(Extracted data entries)

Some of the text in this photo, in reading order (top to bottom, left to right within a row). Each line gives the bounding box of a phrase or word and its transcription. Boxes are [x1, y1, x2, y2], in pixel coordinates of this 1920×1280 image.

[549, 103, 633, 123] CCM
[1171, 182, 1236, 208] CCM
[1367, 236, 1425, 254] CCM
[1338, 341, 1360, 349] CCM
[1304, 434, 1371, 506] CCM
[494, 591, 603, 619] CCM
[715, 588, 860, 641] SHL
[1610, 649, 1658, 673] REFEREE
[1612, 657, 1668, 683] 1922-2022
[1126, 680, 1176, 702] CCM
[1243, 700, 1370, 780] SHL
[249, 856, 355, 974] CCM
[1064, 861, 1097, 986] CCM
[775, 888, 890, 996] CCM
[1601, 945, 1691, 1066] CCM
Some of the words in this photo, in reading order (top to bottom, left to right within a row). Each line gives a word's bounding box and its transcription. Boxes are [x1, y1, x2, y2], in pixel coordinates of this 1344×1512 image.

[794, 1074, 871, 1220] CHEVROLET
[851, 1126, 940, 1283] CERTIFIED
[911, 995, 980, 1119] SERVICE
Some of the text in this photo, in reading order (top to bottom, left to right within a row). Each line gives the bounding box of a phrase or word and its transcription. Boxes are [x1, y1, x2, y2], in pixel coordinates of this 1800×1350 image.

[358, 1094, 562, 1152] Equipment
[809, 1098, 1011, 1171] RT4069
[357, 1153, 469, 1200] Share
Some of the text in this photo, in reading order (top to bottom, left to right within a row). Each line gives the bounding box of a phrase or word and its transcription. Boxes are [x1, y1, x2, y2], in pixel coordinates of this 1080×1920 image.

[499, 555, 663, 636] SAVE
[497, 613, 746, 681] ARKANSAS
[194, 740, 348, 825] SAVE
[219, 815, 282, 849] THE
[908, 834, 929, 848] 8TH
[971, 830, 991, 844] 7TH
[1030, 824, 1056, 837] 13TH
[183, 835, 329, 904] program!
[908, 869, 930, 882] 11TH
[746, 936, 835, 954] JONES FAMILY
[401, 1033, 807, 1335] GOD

| Exercise goal |
Each of the records is to be written out again exactly.

| Your response |
Some of the text in this photo, in reading order (top to bottom, left to right within a row). Each line gives the bounding box of a phrase or word and its transcription. Boxes are [x1, y1, x2, y2], in pixel coordinates of this 1920×1280 image.

[549, 103, 633, 123] CCM
[1171, 182, 1236, 208] CCM
[1367, 236, 1425, 254] CCM
[1338, 341, 1360, 349] CCM
[1304, 434, 1371, 506] CCM
[494, 591, 603, 619] CCM
[715, 588, 860, 641] SHL
[1610, 649, 1658, 673] REFEREE
[1612, 657, 1668, 683] 1922-2022
[1126, 680, 1176, 702] CCM
[1243, 700, 1370, 780] SHL
[249, 856, 355, 974] CCM
[1064, 861, 1097, 986] CCM
[775, 888, 890, 996] CCM
[1601, 945, 1691, 1066] CCM
Some of the words in this photo, in reading order (top to bottom, left to right within a row). Each line gives a word's bounding box and its transcription. Boxes are [x1, y1, x2, y2], in pixel coordinates of this 1344×1512 image.

[794, 1074, 871, 1220] CHEVROLET
[851, 1126, 940, 1283] CERTIFIED
[911, 995, 980, 1119] SERVICE
Some of the text in this photo, in reading order (top to bottom, left to right within a row). Each line gives the bounding box of a phrase or word and its transcription. Boxes are [x1, y1, x2, y2], in pixel coordinates of this 1800×1350 image.

[358, 1094, 562, 1152] Equipment
[809, 1098, 1011, 1171] RT4069
[357, 1153, 469, 1200] Share
Some of the text in this photo, in reading order (top to bottom, left to right within a row). Each line gives the bounding box of a phrase or word and its transcription. Boxes are [x1, y1, x2, y2], in pixel coordinates of this 1080×1920 image.

[499, 555, 663, 636] SAVE
[497, 613, 746, 681] ARKANSAS
[194, 740, 348, 825] SAVE
[219, 815, 282, 849] THE
[908, 834, 929, 848] 8TH
[971, 830, 991, 844] 7TH
[1030, 824, 1056, 837] 13TH
[183, 835, 329, 904] program!
[908, 869, 930, 882] 11TH
[746, 936, 835, 954] JONES FAMILY
[401, 1033, 807, 1335] GOD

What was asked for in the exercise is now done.